→ **WHAT IS BEING ASKED**: Reproduce each record exactly, but exclude every picture.

→ **DATA FOR ANALYSIS**:
-*-*-

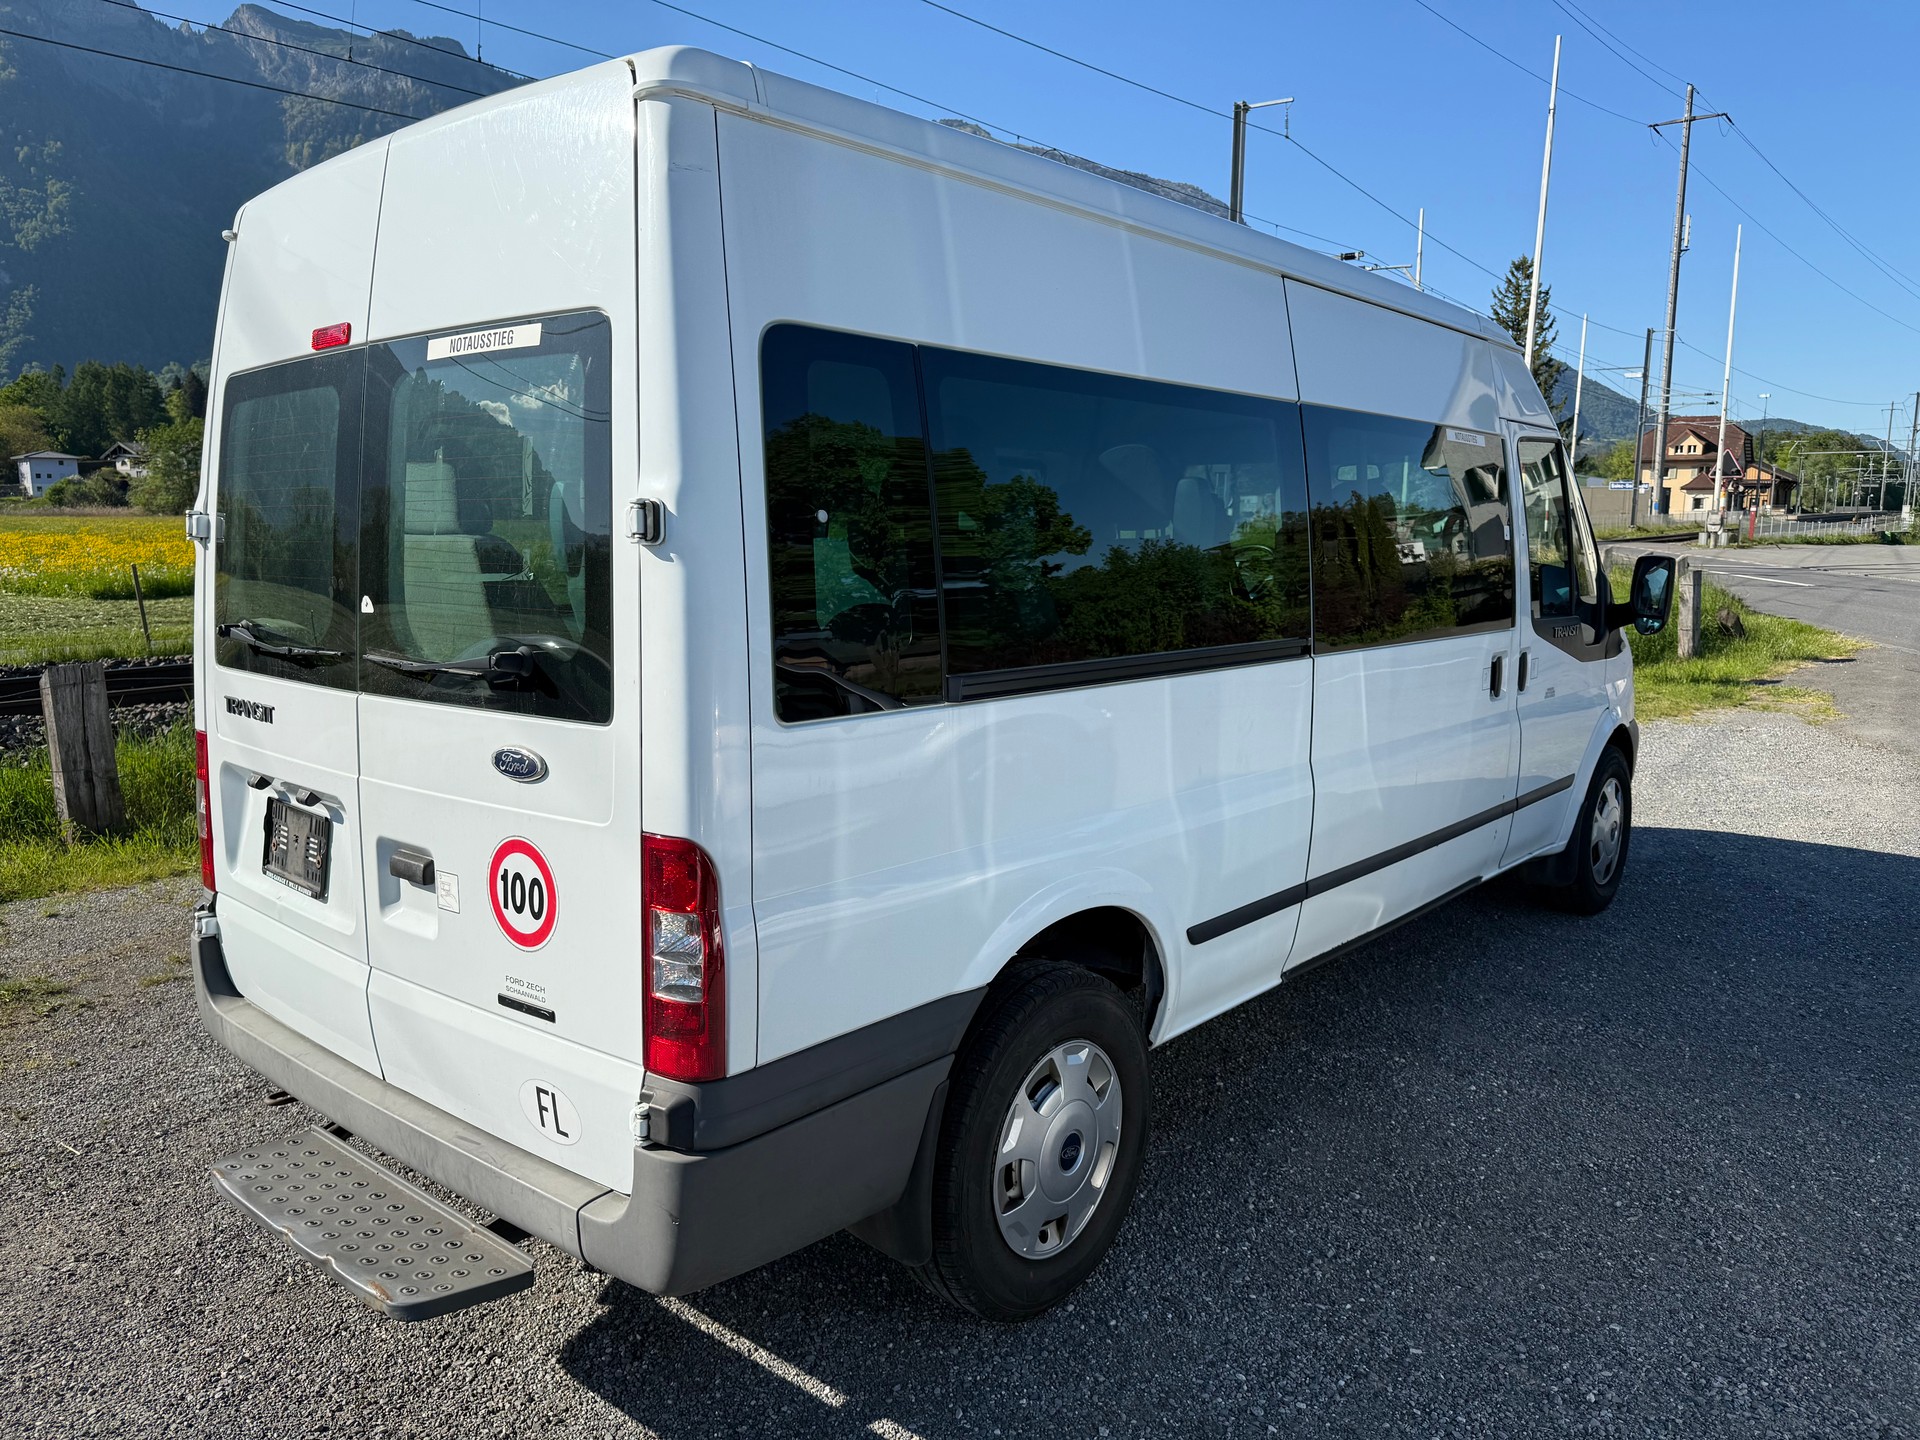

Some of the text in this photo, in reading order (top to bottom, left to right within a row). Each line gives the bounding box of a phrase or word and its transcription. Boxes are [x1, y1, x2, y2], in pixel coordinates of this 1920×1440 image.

[449, 329, 514, 354] NOTAUSSTIEG
[1553, 624, 1580, 638] TRANSIT
[224, 695, 275, 725] TRANSIT
[499, 751, 529, 774] Ford
[500, 868, 545, 921] 100
[505, 975, 546, 994] FORD ZECH
[505, 985, 547, 1004] SCHAANWALD
[535, 1085, 570, 1138] FL
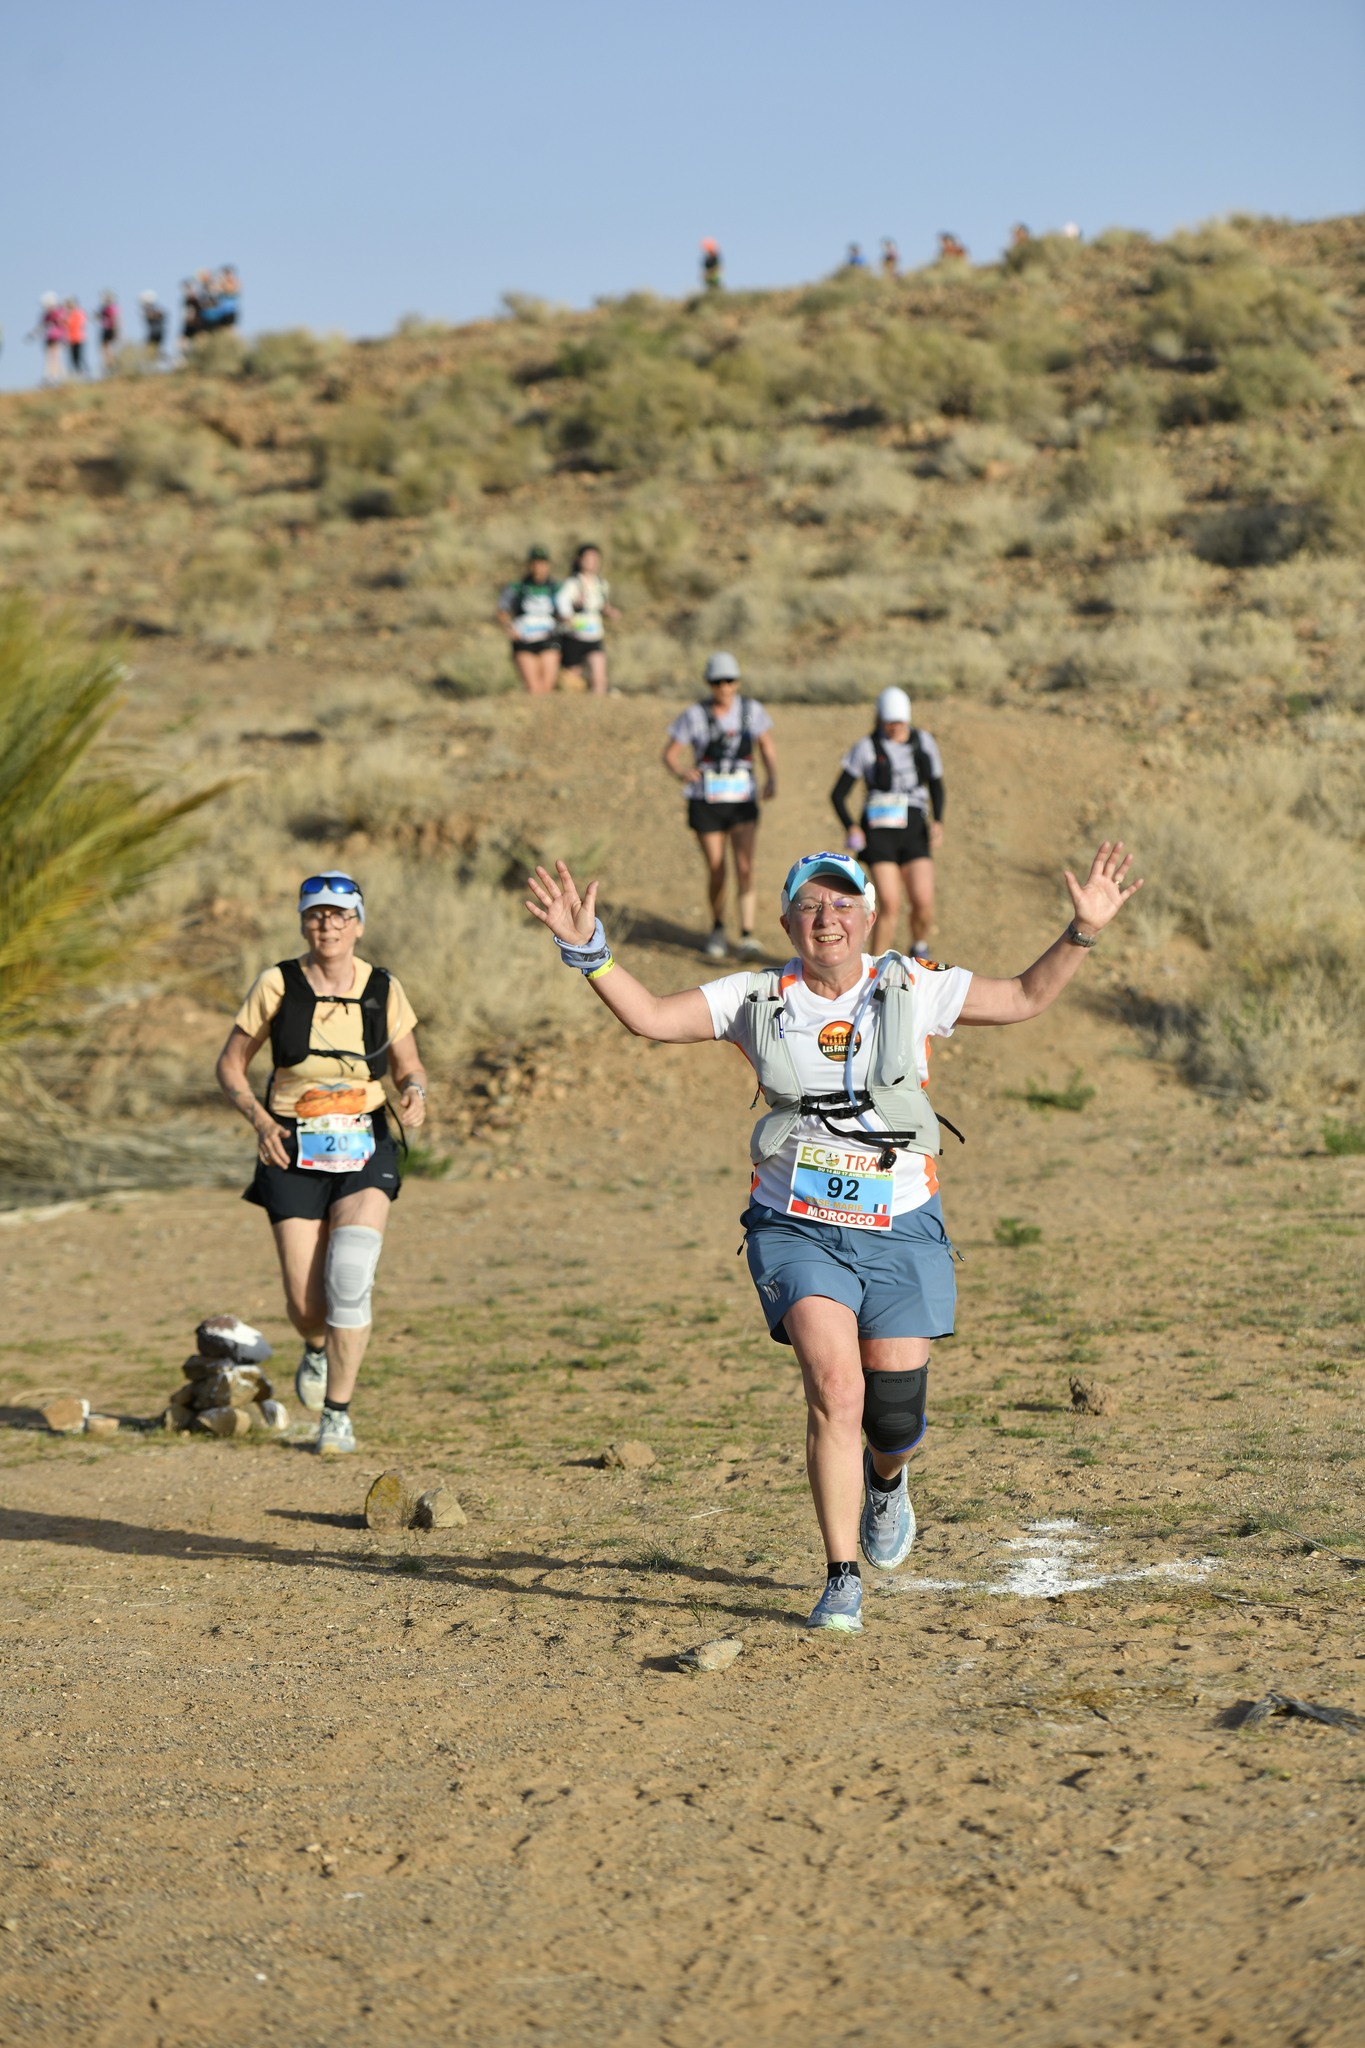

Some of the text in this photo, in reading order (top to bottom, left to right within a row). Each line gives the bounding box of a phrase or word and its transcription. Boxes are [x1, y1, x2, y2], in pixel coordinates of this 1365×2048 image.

-*-*-

→ **FINISHED EXERCISE**:
Some of the text in this photo, in reading order (top to bottom, left to right within a row). Each line gives the bounding box of a phrase or word and its transcription. Boxes are [x1, y1, x2, y2], in pixel coordinates of this 1920×1440 image.

[449, 329, 514, 354] NOTAUSSTIEG
[1553, 624, 1580, 638] TRANSIT
[224, 695, 275, 725] TRANSIT
[499, 751, 529, 774] Ford
[500, 868, 545, 921] 100
[505, 975, 546, 994] FORD ZECH
[505, 985, 547, 1004] SCHAANWALD
[535, 1085, 570, 1138] FL

Some of the text in this photo, in reading order (top to bottom, left to right within a row). Each line gives the bounding box of a phrase or word and its transcription. Boxes are [x1, y1, x2, y2], in pixel coordinates of this 1365×2048 image.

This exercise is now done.